不動産の物件調査で必要なのが、ライフライン(電気、ガス、水道、下水)の確認。
先日の記事(その①その②)でガスについて書きましたが、今回は下水の調査を取り上げたいと思います。
まず、下水処理にどのような方法があるのかを踏まえまして、その上で恥ずかしながら過去の契約時の失敗について書いてみたいと思います。

下水処理の種類

下水処理の種類は大別しますと3つあります。

1.公共下水

行政が管理する下水道で終末処理場(下水処理場)を有しているものです。
道路上に「下水」と書かれたマンホールがあれば、その下に下水管が通っていることになります。
因みに、公共下水の全国普及率は78.8%、東京都は99.5%、千葉県はなんと74.2%(全国21位)・・・。千葉市は97.3%です!!

2.浄化槽

浄化槽は公共下水が整備されていない地域で汚水等を浄化する設備を指します。トイレや台所、お風呂などから出る汚水や汚物を浄化槽内のバクテリアの働きで分解・浄化し放流します(残ったカスは定期的に汲み取り)。浄化槽に関してはいくつかに分類でき、少し複雑です。細分化すると以下の通りです。

浄化槽を嫌がる方もおりますが、下水道料金よりランニングコストが安いというメリットもあり、下水道整備エリアにもかかわらず、浄化槽をそのまま使っている方もおります※(浄化槽のランニングコスト年間1.5万円~2万円)。


※下水道法第10条では、「公共下水道の供用が開始された場合においては、(略)土地の所有者、使用者又は占有者は、遅滞なく、(略)公共下水道に流入させるために(略)排水施設を設置しなければならない。」となっており、公共下水整備地区において浄化槽を使用することは違法とされます(罰則規定なし)。

3.汲み取り

いわゆる「ぼっとん便所」です。排泄物が便槽に貯留される仕組みで、定期的にバキュームカーで回収します。
汲み取り式のイメージは(下記)このようなものだと思いますが、一見すると水洗トイレに見える「簡易水洗トイレ」というものもあります。以前、(道路に下水のマンホールがあったため)簡易水洗トイレを見て“公共下水”と断定した同僚がおりましたが・・・。

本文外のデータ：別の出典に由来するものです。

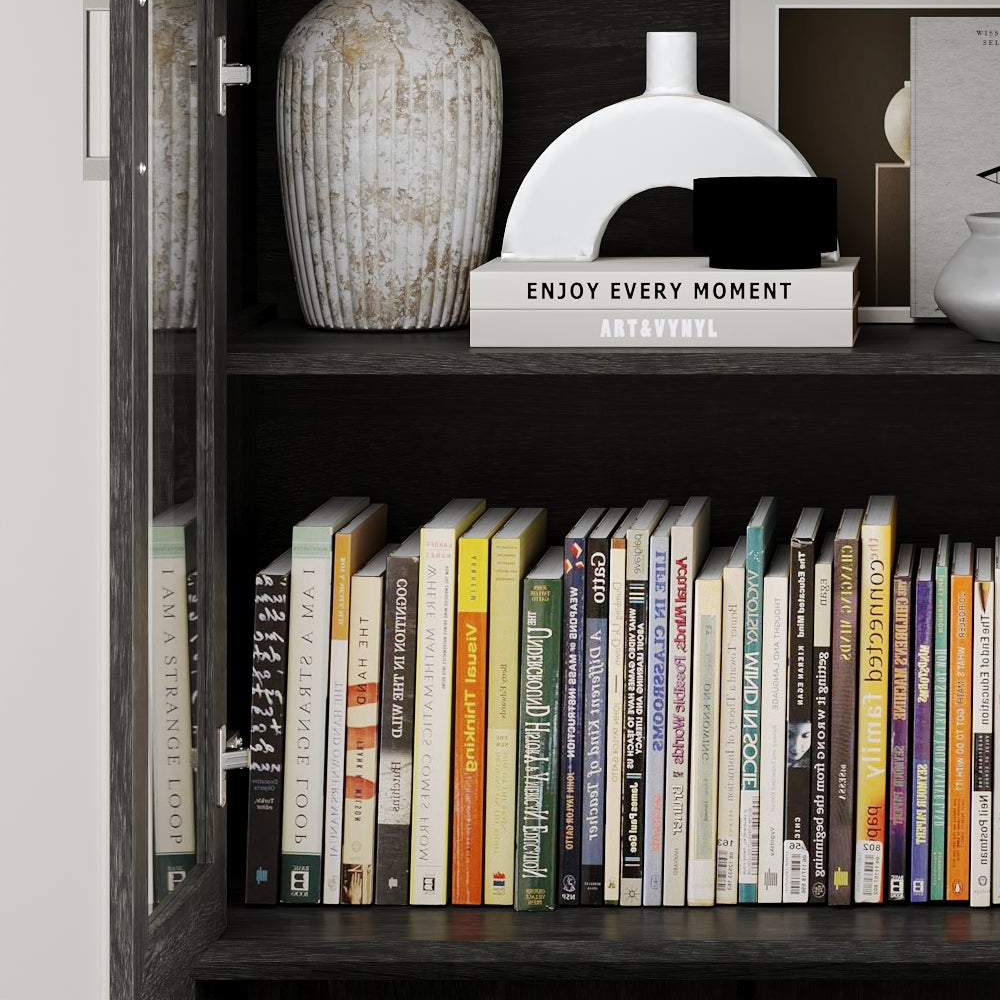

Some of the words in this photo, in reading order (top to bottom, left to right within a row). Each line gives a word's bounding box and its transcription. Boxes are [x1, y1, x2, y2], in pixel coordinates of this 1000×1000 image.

[526, 281, 600, 300] ENJOY
[610, 281, 682, 300] EVERY
[694, 281, 792, 300] MOMENT
[600, 318, 718, 338] ART&VYNYL
[164, 654, 181, 766] STRANGE
[168, 778, 184, 846] LOOP
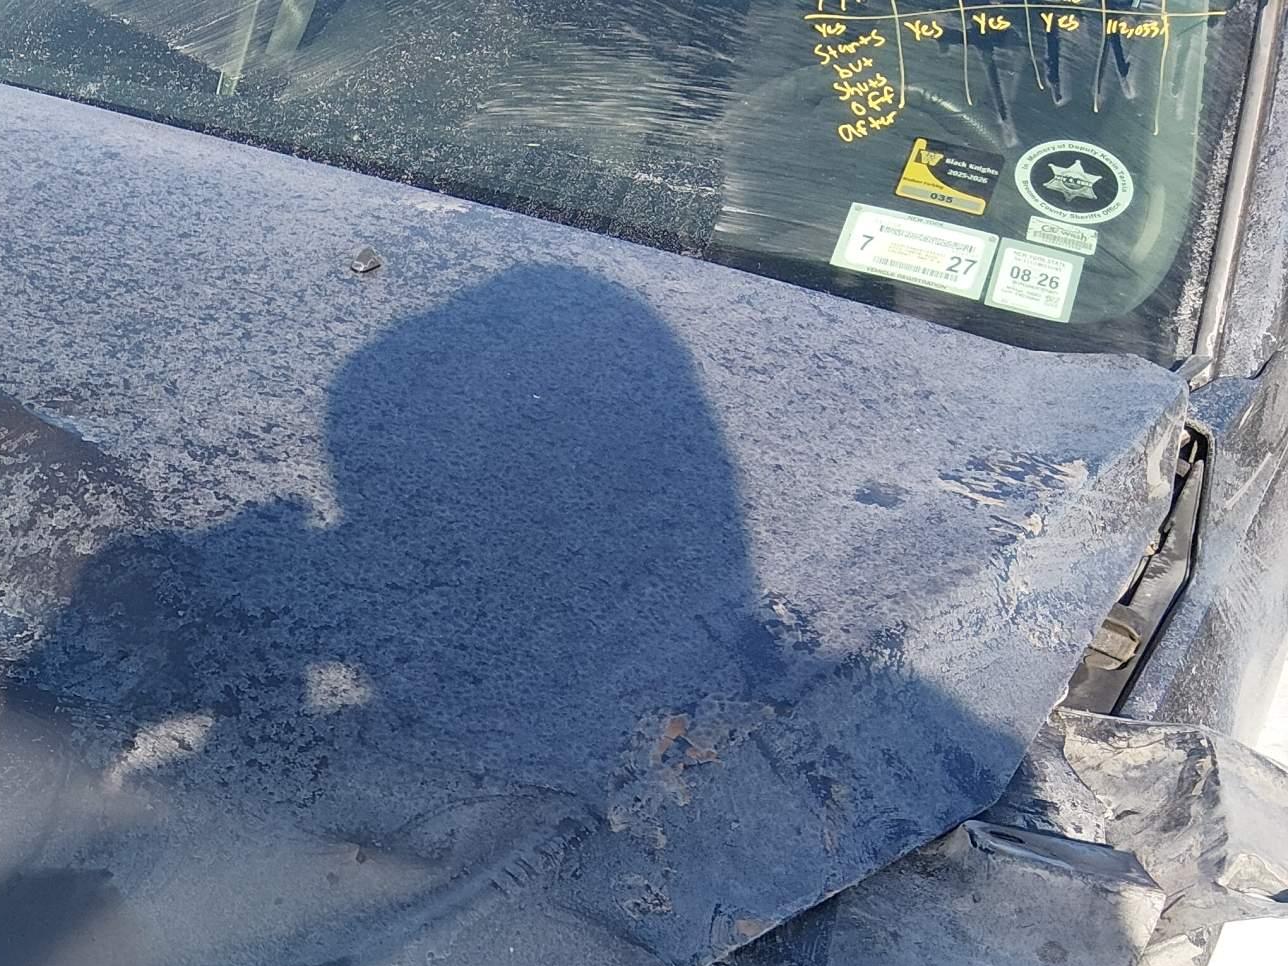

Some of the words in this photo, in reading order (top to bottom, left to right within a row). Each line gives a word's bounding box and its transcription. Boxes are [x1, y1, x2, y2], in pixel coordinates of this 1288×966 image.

[904, 19, 944, 41] Yes
[972, 12, 1011, 34] Yes
[1040, 12, 1080, 32] Yes
[1068, 143, 1099, 156] Deputy
[1099, 152, 1120, 171] Kevin
[946, 169, 989, 184] 2025-2026
[930, 192, 953, 204] 035
[1039, 202, 1068, 219] County
[1102, 201, 1122, 216] Office
[860, 234, 875, 251] 7
[946, 256, 978, 276] 27
[1010, 265, 1032, 282] 08
[1037, 272, 1060, 290] 26

汲み取り式を浄化槽型のトイレにする場合、かなりのコストがかかります(行政から補助金の有無にもよりますが100万円を超えるケースもあります)。また、浄化槽を設置するスペースの確保も大前提となります。
従って不動産売買を行う上でしっかりとした調査を行わずに誤った説明をしますと重要事説明義務違反となり大変なことになります。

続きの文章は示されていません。